● Exercise goal: Reproduce the entries exactly, but keep the pictures out of the copy.

━━ Dataset excerpts ━━

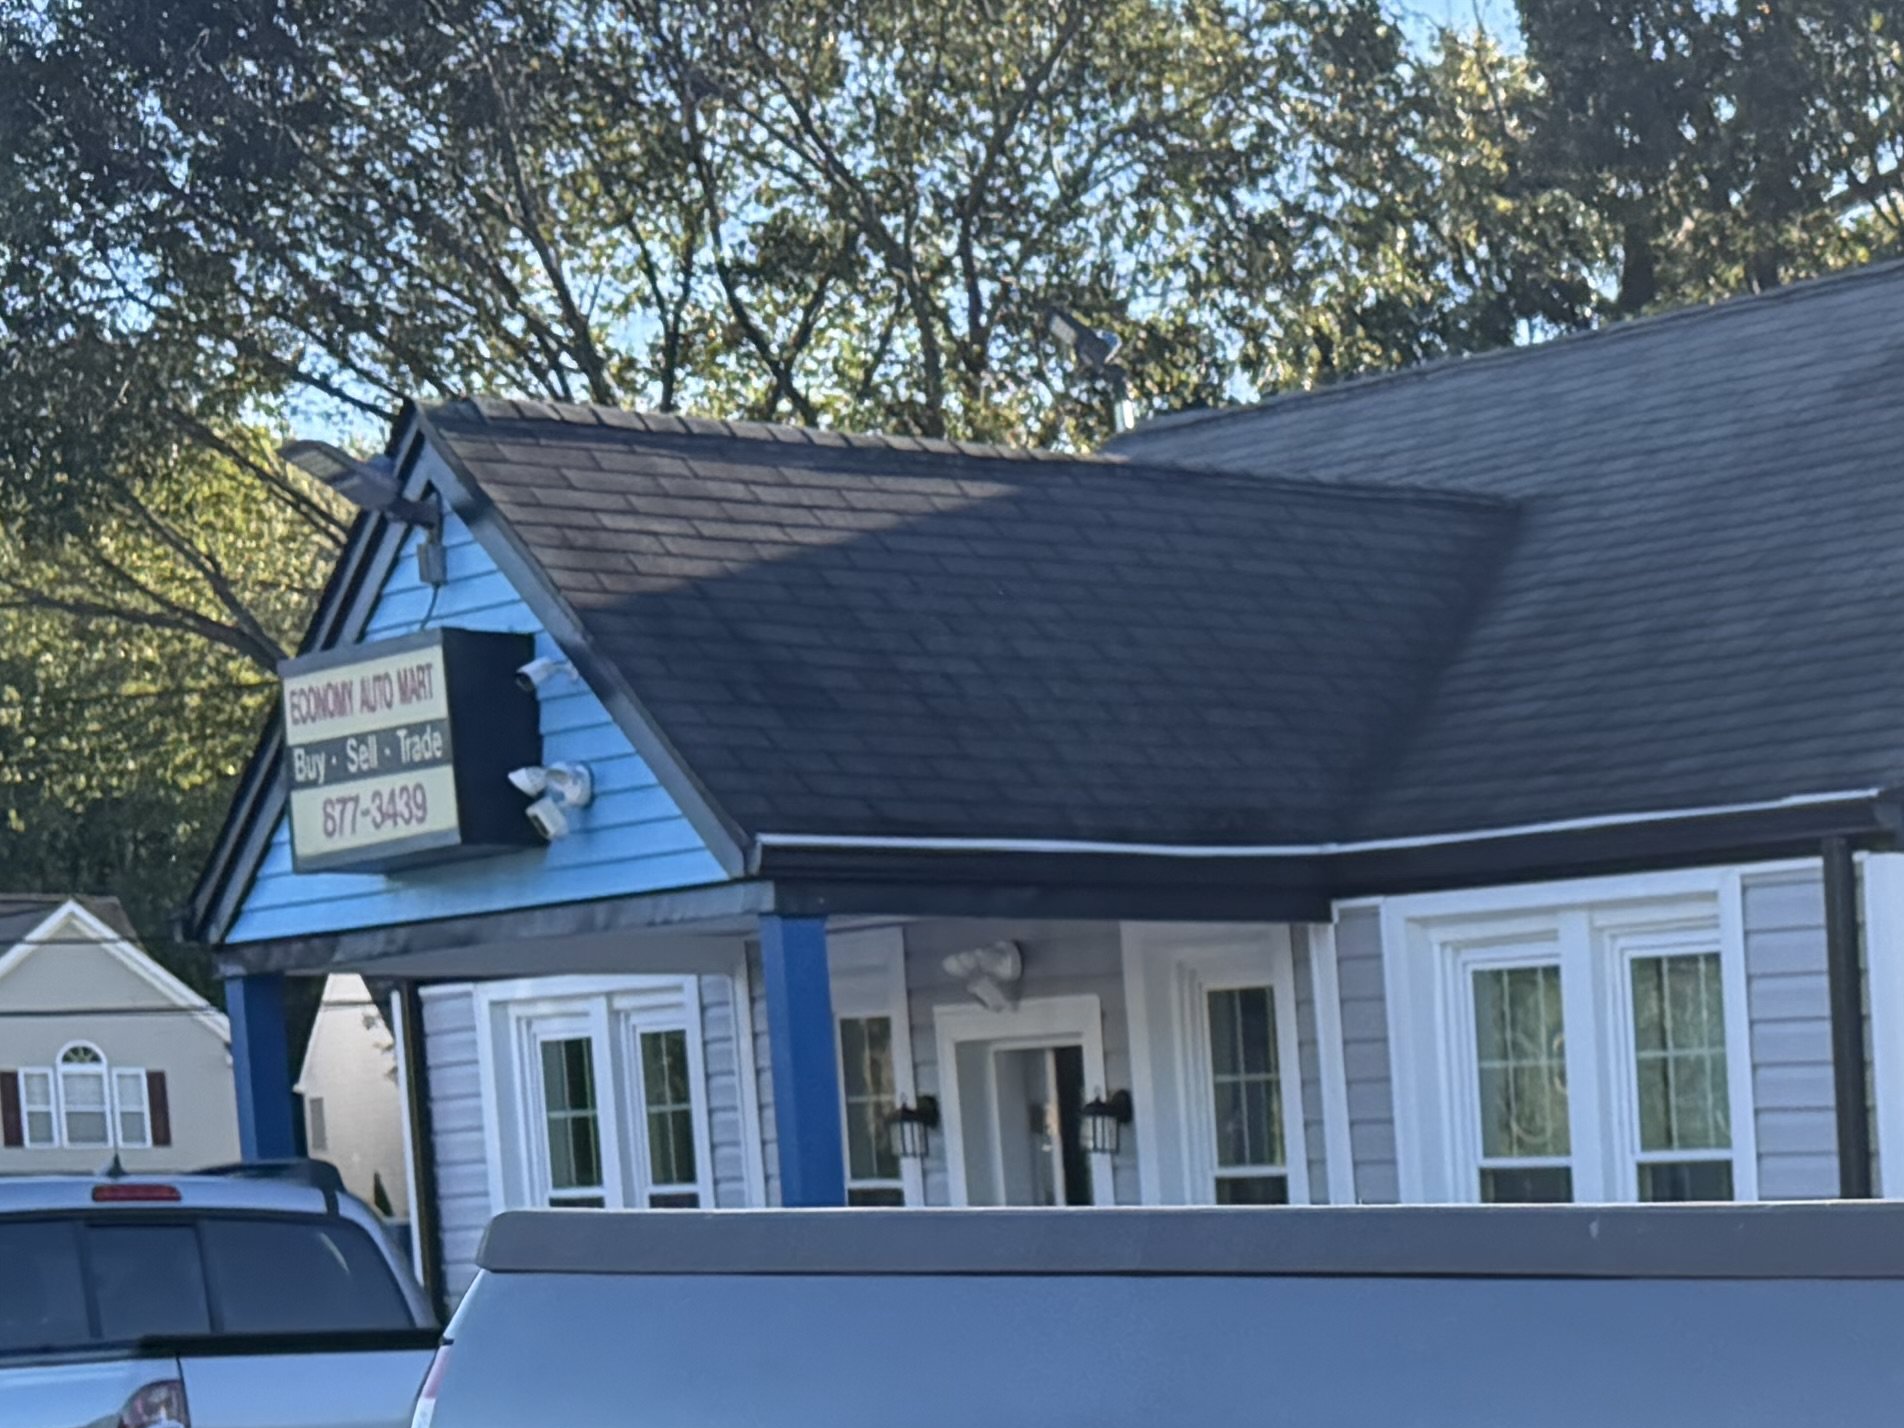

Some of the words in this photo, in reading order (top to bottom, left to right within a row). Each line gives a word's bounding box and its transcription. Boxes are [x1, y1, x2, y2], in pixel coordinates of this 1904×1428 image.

[290, 679, 353, 726] ECONOMY
[360, 671, 394, 714] AUTO
[397, 663, 433, 705] MART
[293, 748, 326, 784] Buy
[346, 735, 378, 773] Sell
[396, 725, 443, 764] Trade
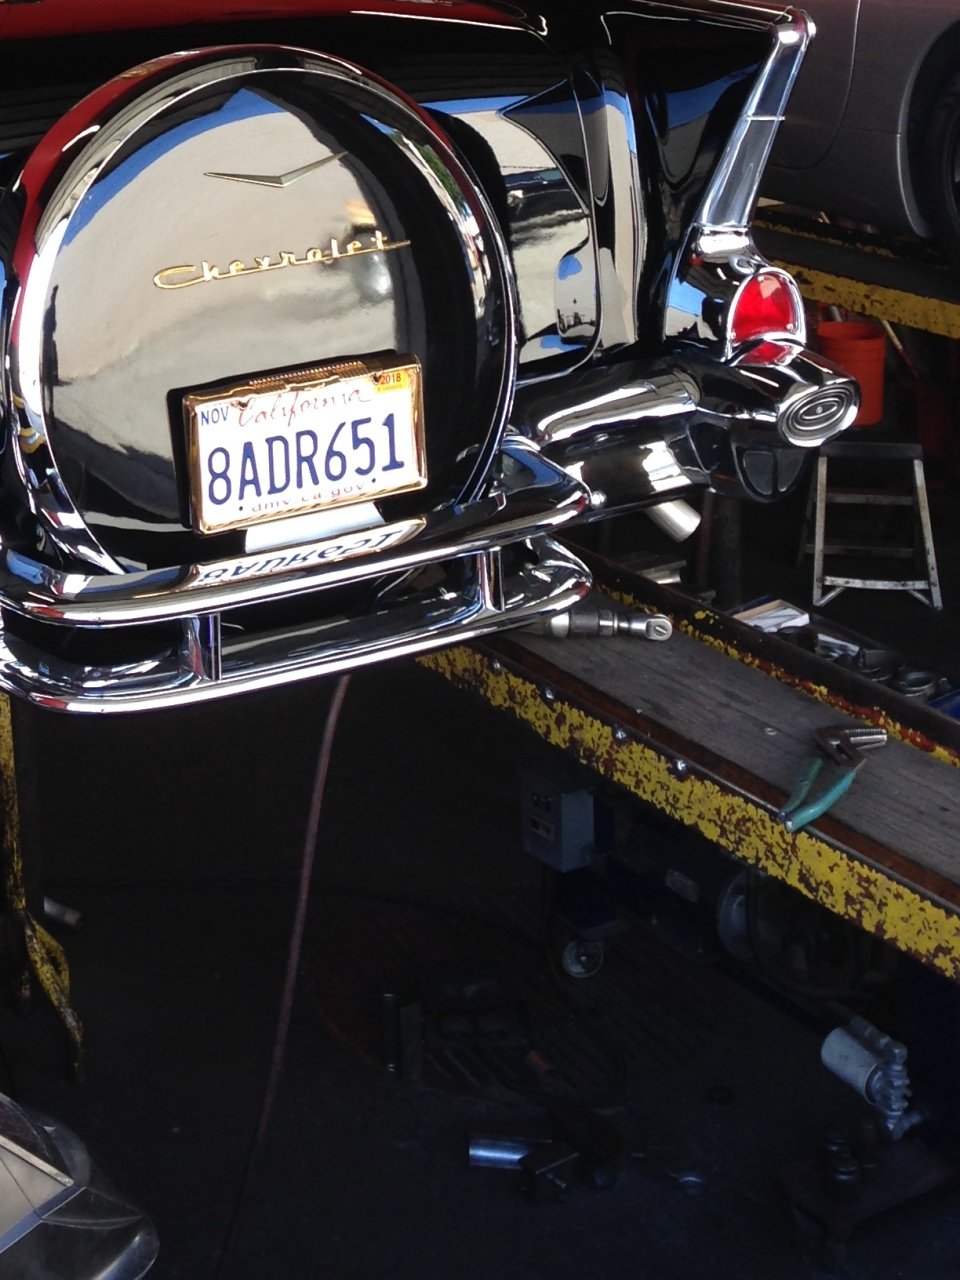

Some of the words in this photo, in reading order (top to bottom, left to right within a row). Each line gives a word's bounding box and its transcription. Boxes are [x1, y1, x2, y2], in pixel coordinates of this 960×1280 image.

[153, 230, 411, 289] Chevrolet
[380, 372, 402, 385] 2018
[200, 405, 231, 427] NOV
[239, 387, 373, 428] California
[208, 413, 405, 506] 8ADR651

━━━

● Solution to this task:
Some of the words in this photo, in reading order (top to bottom, left to right within a row). Each line gives a word's bounding box and its transcription. Boxes are [x1, y1, x2, y2], in pixel coordinates of this 1904×1428 image.

[290, 679, 353, 726] ECONOMY
[360, 671, 394, 714] AUTO
[397, 663, 433, 705] MART
[293, 748, 326, 784] Buy
[346, 735, 378, 773] Sell
[396, 725, 443, 764] Trade

Some of the words in this photo, in reading order (top to bottom, left to right within a row). Each line gives a word's bounding box and its transcription. Boxes are [x1, y1, x2, y2], in pixel coordinates of this 960×1280 image.

[153, 230, 411, 289] Chevrolet
[380, 372, 402, 385] 2018
[200, 405, 231, 427] NOV
[239, 387, 373, 428] California
[208, 413, 405, 506] 8ADR651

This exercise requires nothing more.